■ Work request ■
Below are records to repeat exactly; do not include any pictures.

■ Record extracts ■
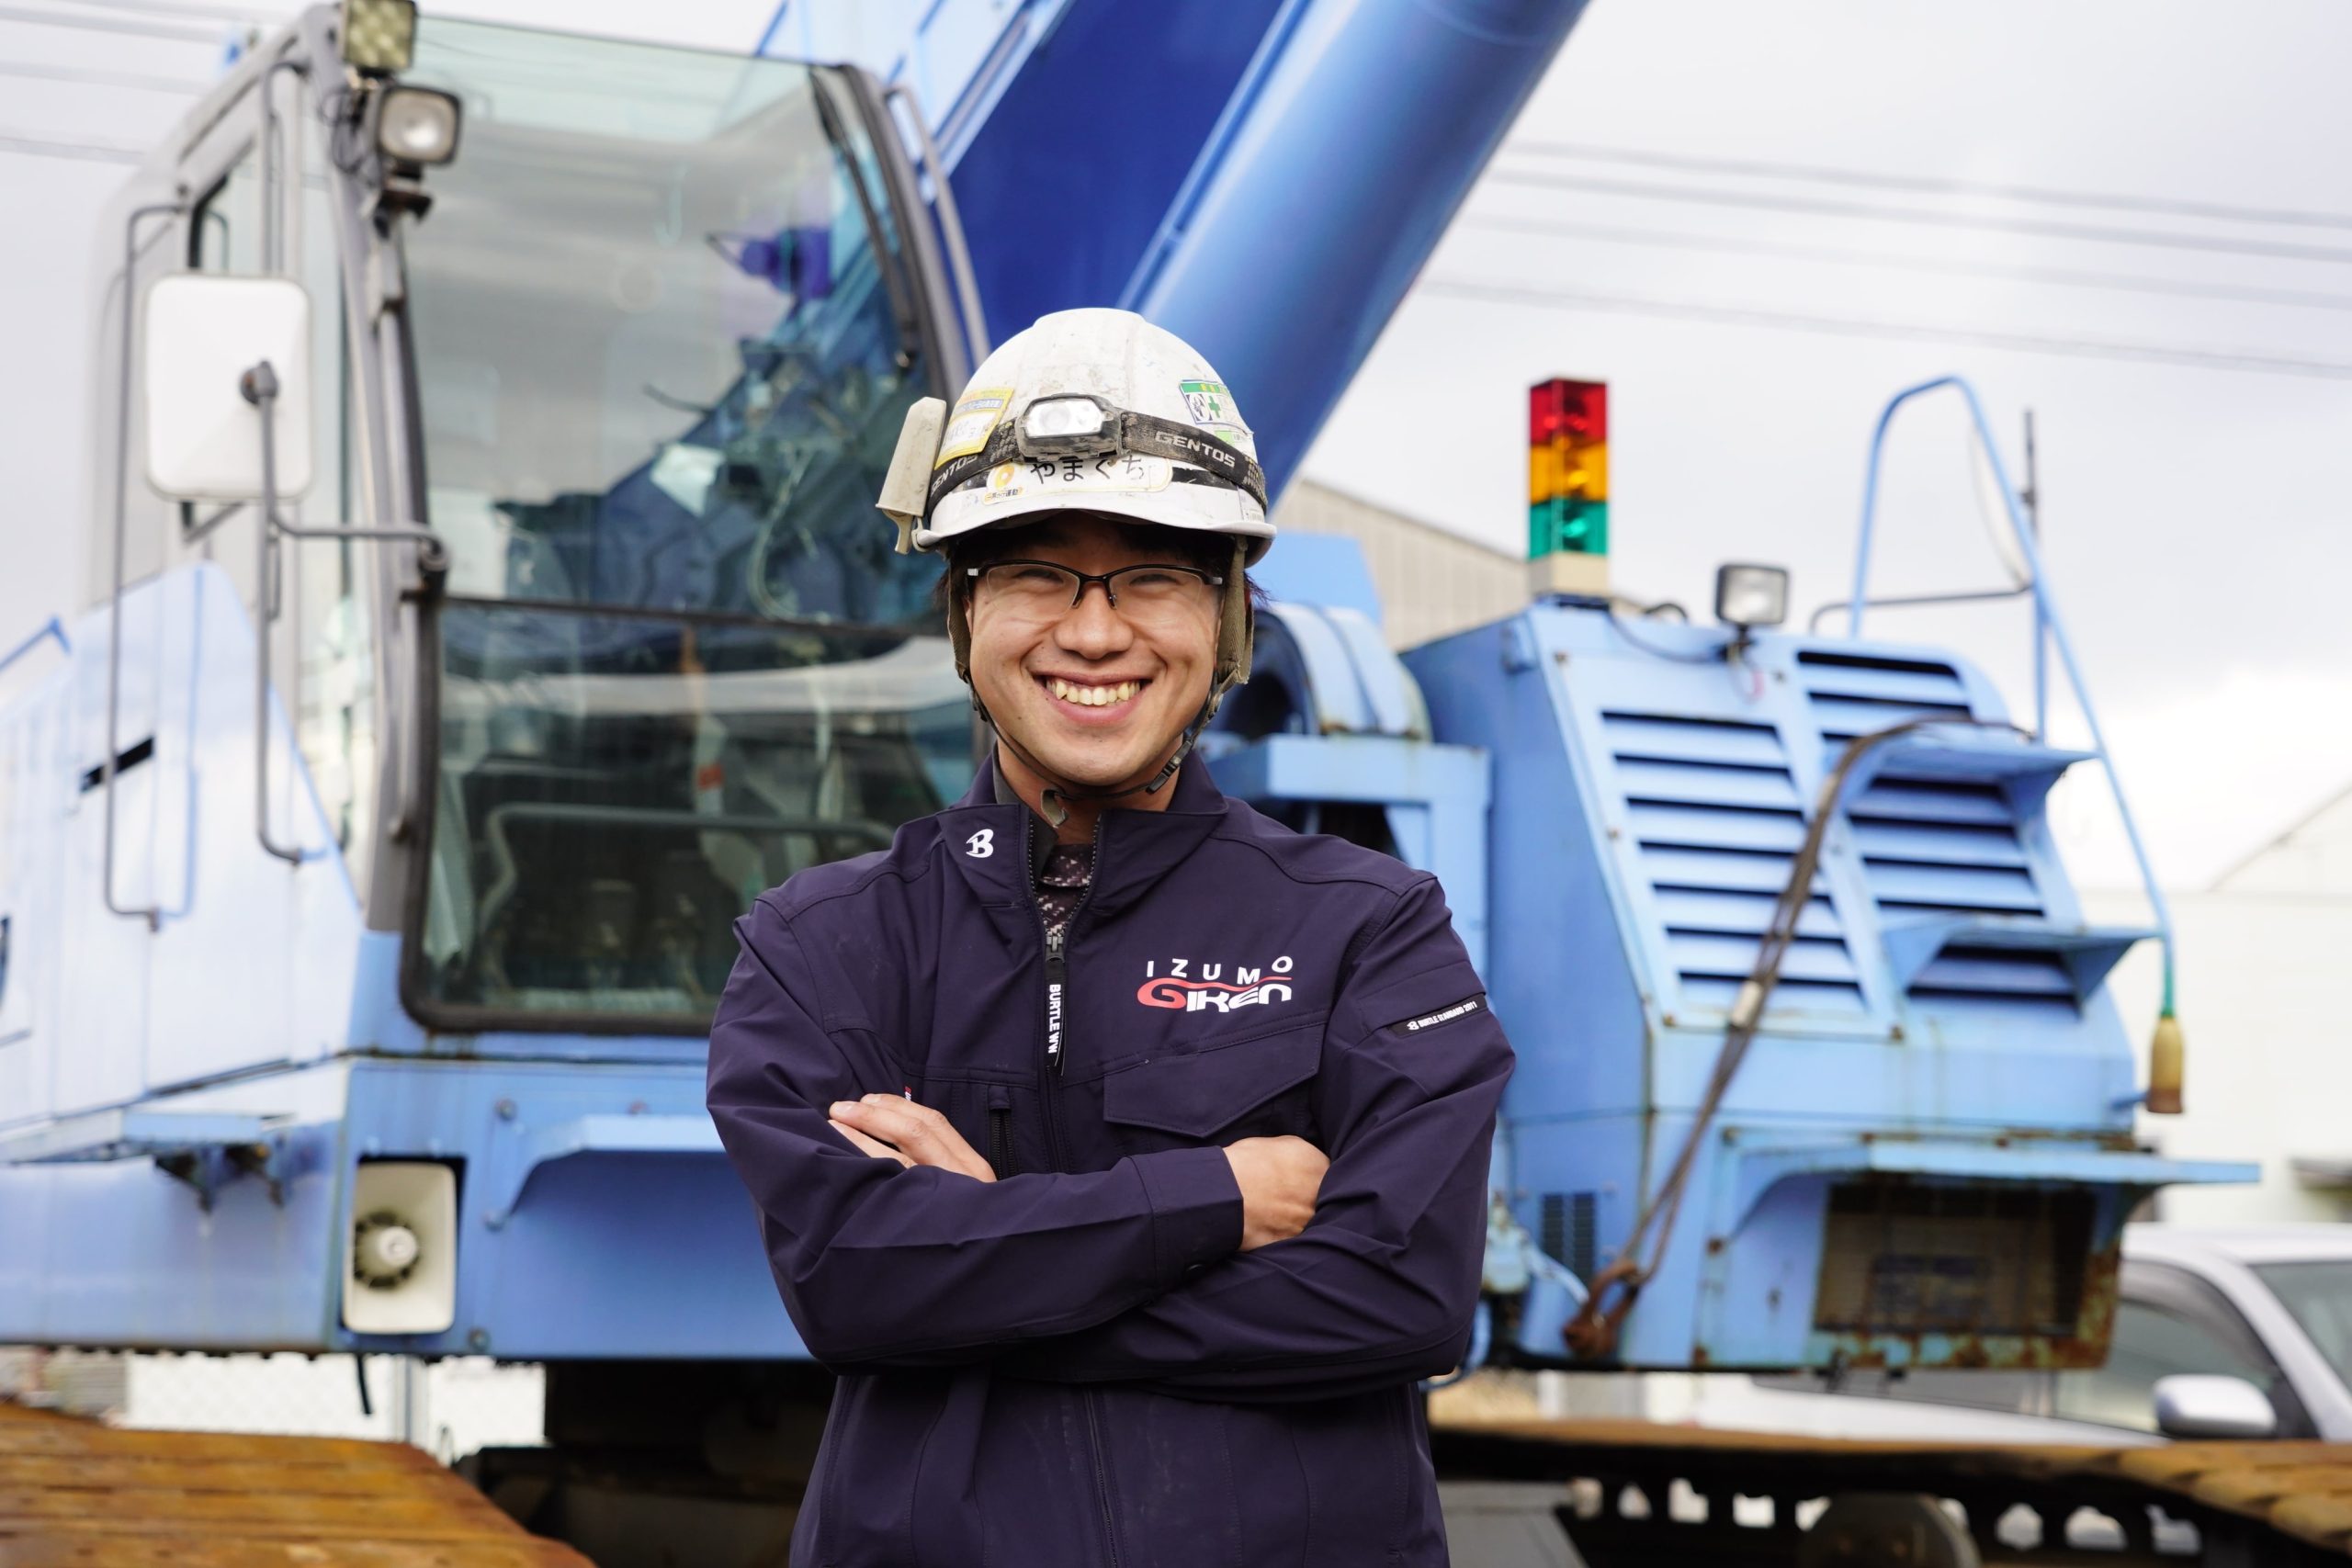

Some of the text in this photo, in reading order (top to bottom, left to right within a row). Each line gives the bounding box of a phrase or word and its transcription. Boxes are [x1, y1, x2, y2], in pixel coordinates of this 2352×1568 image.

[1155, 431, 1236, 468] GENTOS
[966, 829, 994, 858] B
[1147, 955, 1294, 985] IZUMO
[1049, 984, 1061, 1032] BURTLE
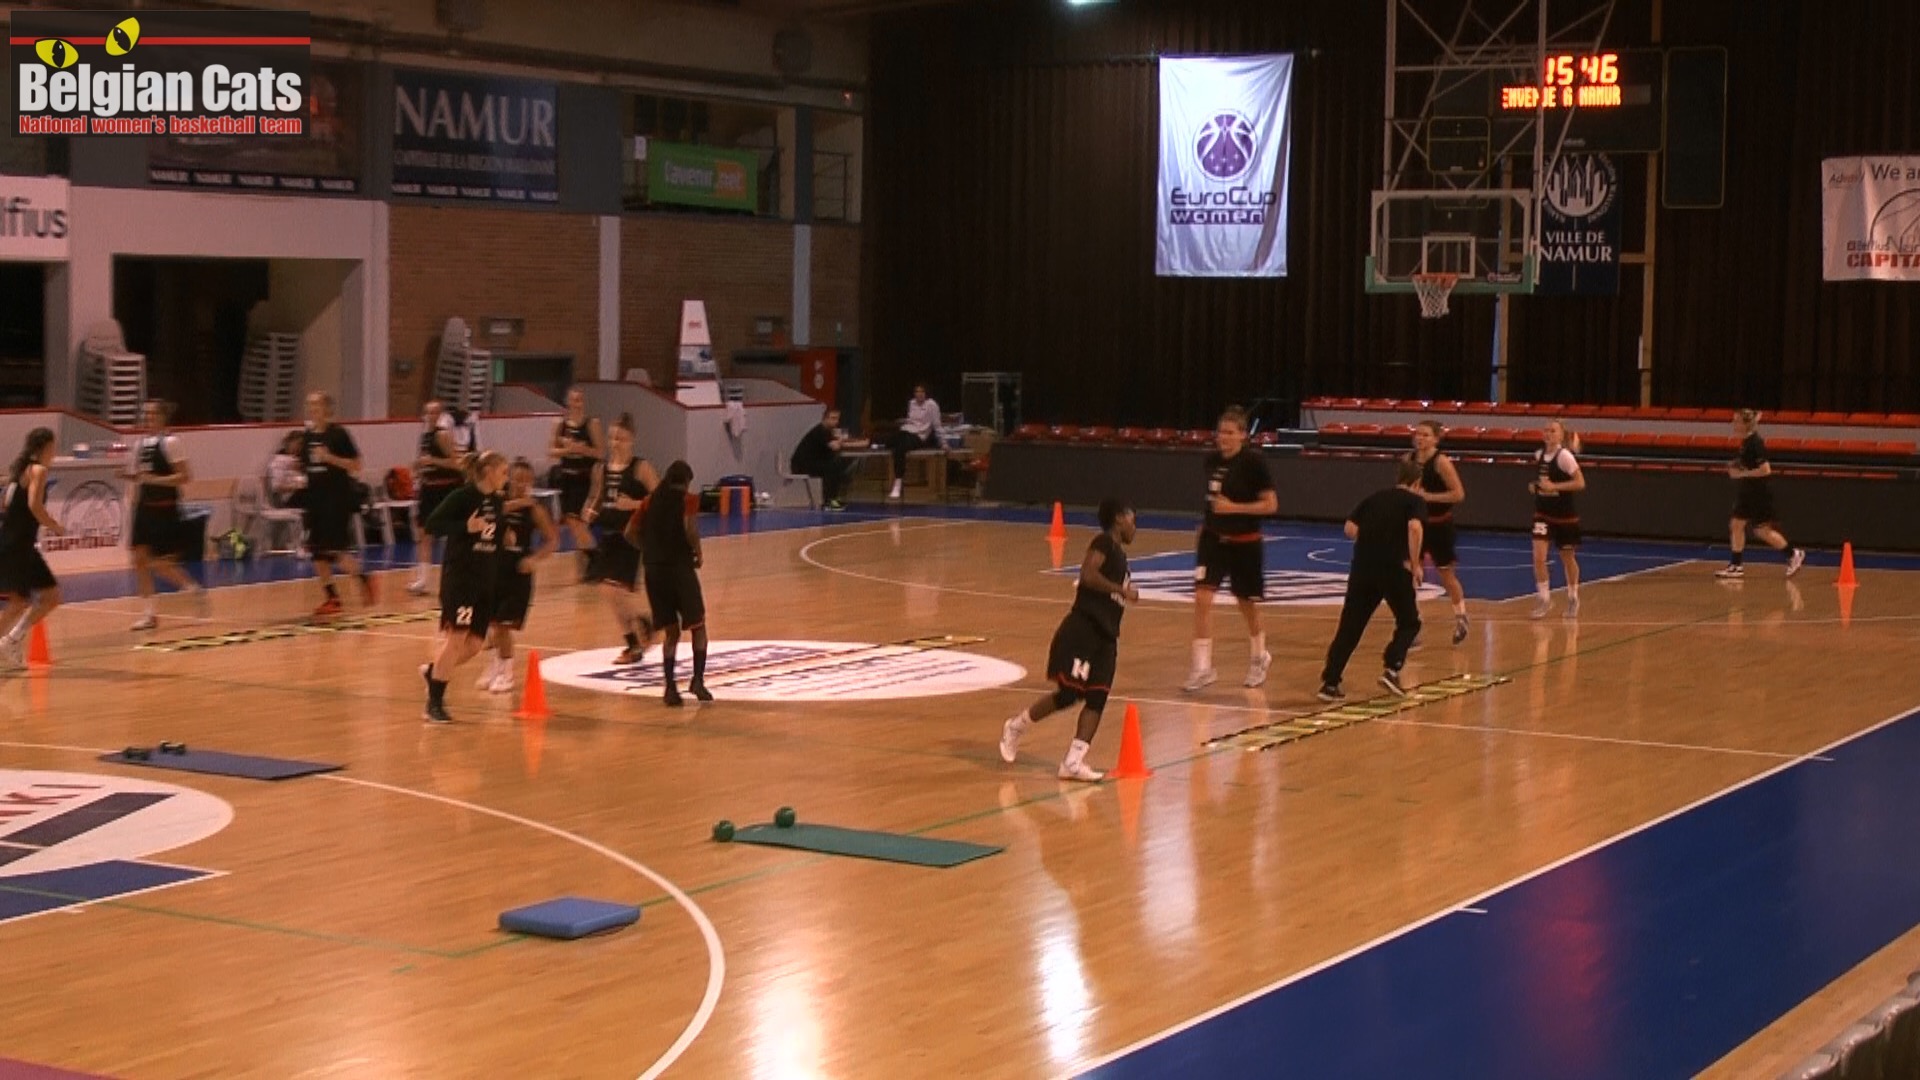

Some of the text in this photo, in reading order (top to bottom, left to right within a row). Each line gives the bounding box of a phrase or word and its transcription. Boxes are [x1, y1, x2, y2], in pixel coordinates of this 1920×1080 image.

■ Your response ■
Some of the text in this photo, in reading order (top to bottom, left to right within a row). Each line gives the bounding box of a phrase or word and its transcription. Boxes are [x1, y1, x2, y2], in pixel coordinates of this 2352×1568 image.

[1155, 431, 1236, 468] GENTOS
[966, 829, 994, 858] B
[1147, 955, 1294, 985] IZUMO
[1049, 984, 1061, 1032] BURTLE

Some of the text in this photo, in reading order (top to bottom, left to right within a row). Each line gives the bounding box of a phrase or word and its transcription. Boxes are [x1, y1, x2, y2], in pixel coordinates of this 1920×1080 image.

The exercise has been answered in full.